▶ **SUPPLIED MATERIAL**
####
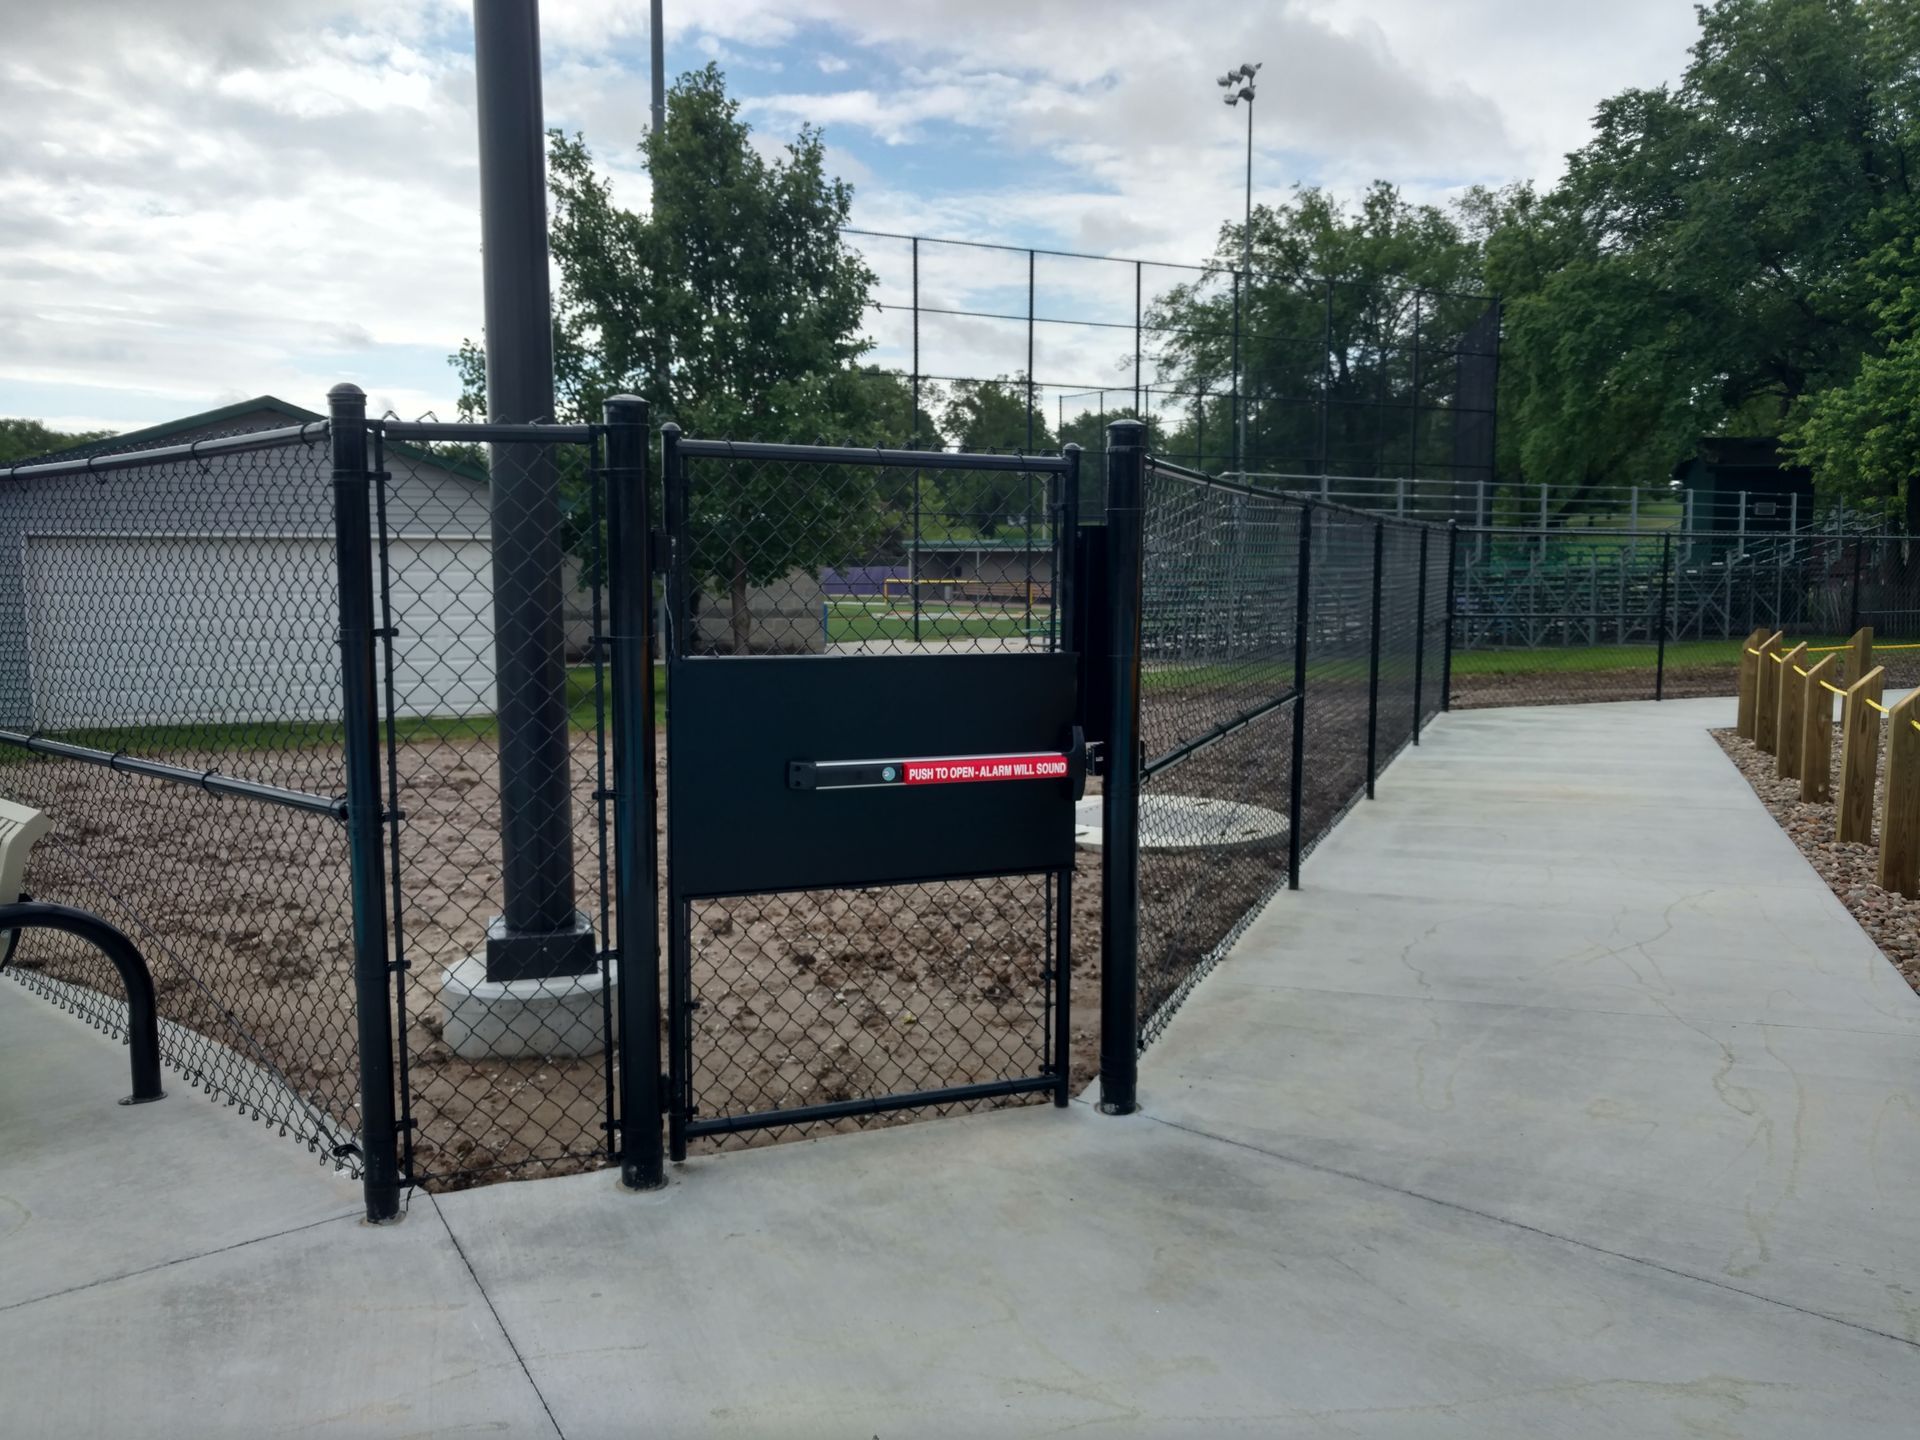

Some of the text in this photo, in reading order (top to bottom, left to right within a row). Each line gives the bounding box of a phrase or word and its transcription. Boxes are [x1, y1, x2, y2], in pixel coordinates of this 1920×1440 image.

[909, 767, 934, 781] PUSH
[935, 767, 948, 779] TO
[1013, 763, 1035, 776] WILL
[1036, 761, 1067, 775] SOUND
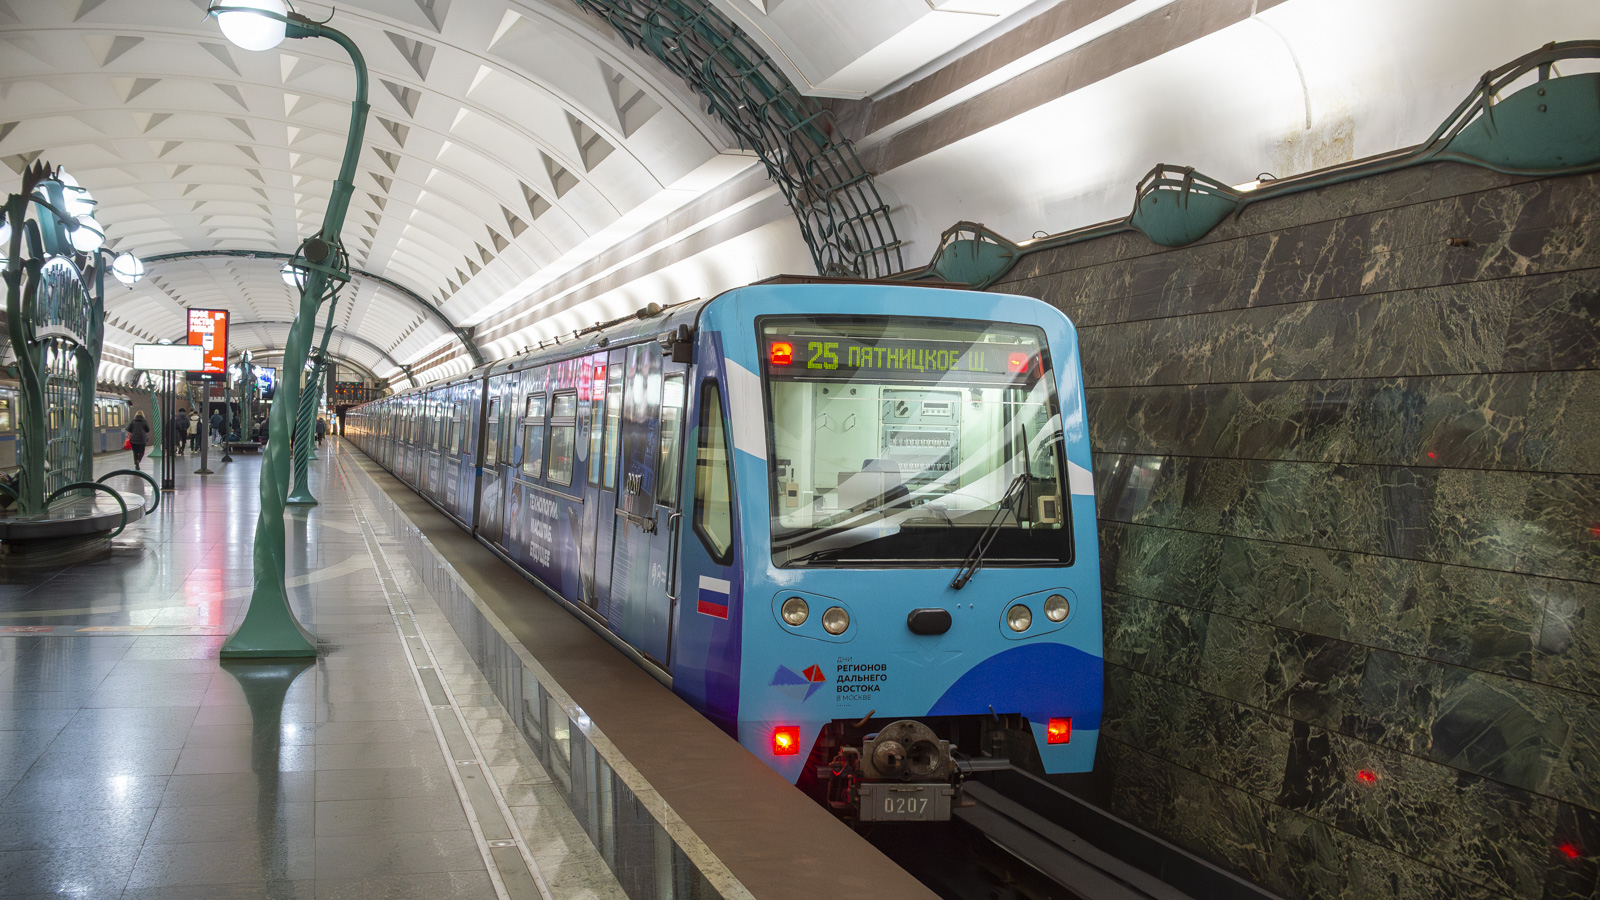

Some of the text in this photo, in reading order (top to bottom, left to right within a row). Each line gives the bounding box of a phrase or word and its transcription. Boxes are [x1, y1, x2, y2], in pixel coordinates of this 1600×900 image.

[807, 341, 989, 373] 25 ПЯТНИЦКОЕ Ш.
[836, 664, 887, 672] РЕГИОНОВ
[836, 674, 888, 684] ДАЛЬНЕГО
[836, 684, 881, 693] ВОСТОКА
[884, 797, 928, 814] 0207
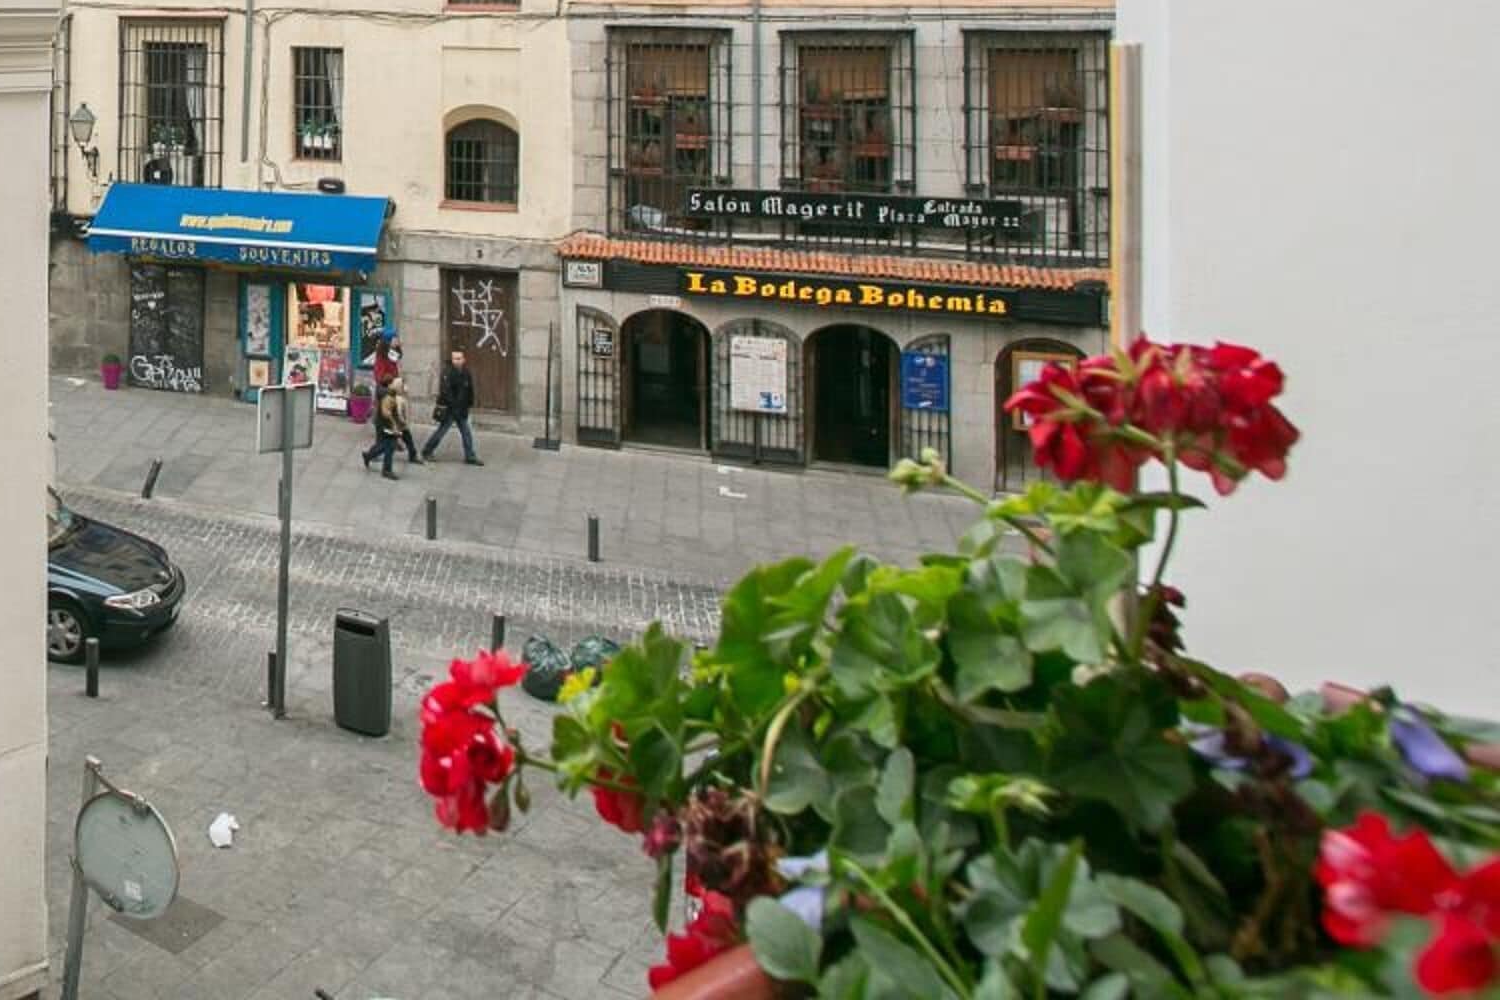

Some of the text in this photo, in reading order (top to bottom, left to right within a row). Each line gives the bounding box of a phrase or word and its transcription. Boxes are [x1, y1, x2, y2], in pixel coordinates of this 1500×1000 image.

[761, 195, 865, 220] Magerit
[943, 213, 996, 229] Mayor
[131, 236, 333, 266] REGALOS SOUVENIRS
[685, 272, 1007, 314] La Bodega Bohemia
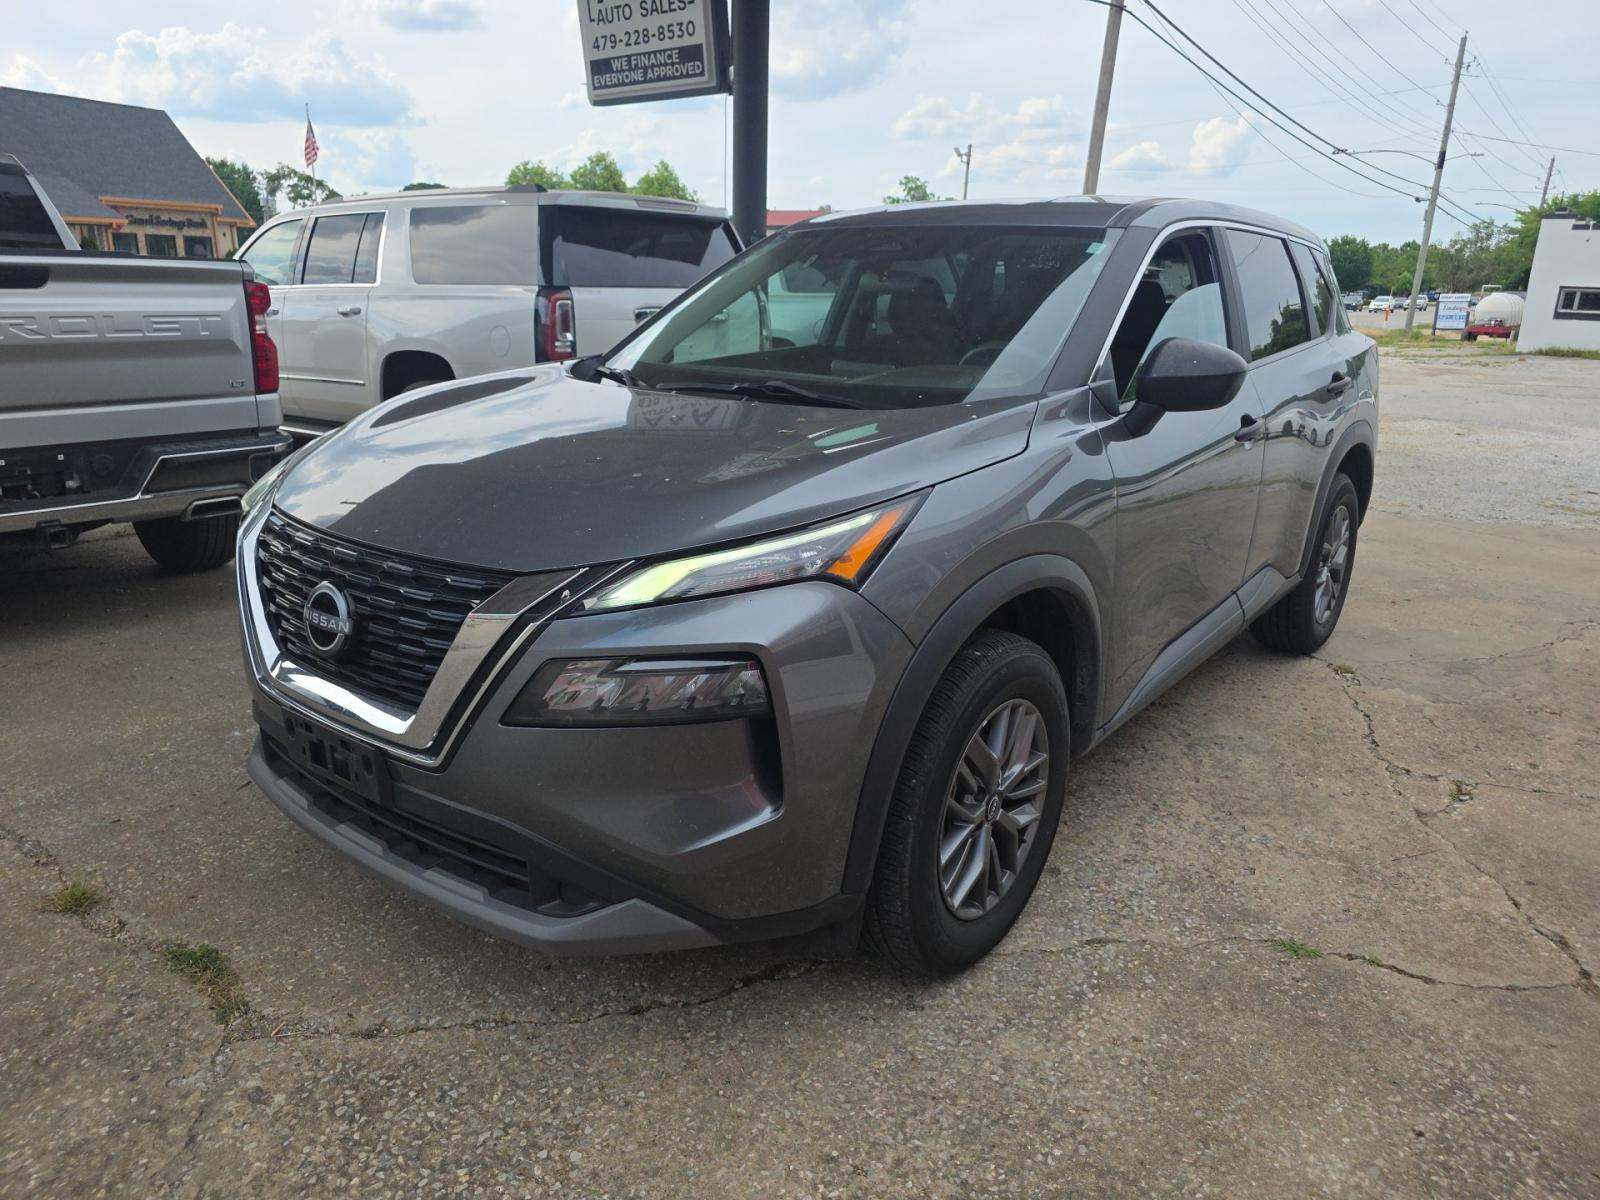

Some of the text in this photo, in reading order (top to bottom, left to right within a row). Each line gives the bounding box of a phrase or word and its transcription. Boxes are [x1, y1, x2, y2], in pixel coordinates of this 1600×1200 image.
####
▶ **WHAT YOU SHOULD DO**
Only the pictures are dropped when you print the material; everything else is copied exactly.

▶ **RESPONSE TO THE EXERCISE**
Some of the text in this photo, in reading order (top to bottom, left to right within a row). Each line gives the bounding box of a phrase or word and its transcription. Boxes are [x1, y1, x2, y2], in pixel coordinates of this 1920×1440 image.

[909, 767, 934, 781] PUSH
[935, 767, 948, 779] TO
[1013, 763, 1035, 776] WILL
[1036, 761, 1067, 775] SOUND

Some of the text in this photo, in reading order (top to bottom, left to right within a row). Each line gives the bounding box of a phrase or word and its transcription. Boxes are [x1, y1, x2, y2], in pixel coordinates of this 1600×900 image.

[807, 341, 989, 373] 25 ПЯТНИЦКОЕ Ш.
[836, 664, 887, 672] РЕГИОНОВ
[836, 674, 888, 684] ДАЛЬНЕГО
[836, 684, 881, 693] ВОСТОКА
[884, 797, 928, 814] 0207

Some of the text in this photo, in reading order (top to bottom, left to right within a row). Each line gives the bounding box of a phrase or word and its transcription. Boxes are [x1, y1, x2, y2], in pixel coordinates of this 1500×1000 image.

[761, 195, 865, 220] Magerit
[943, 213, 996, 229] Mayor
[131, 236, 333, 266] REGALOS SOUVENIRS
[685, 272, 1007, 314] La Bodega Bohemia

Some of the text in this photo, in reading order (top to bottom, left to right within a row). Each line gives the bounding box of a phrase or word and its transcription. Boxes are [x1, y1, x2, y2], in pixel coordinates of this 1600×1200 image.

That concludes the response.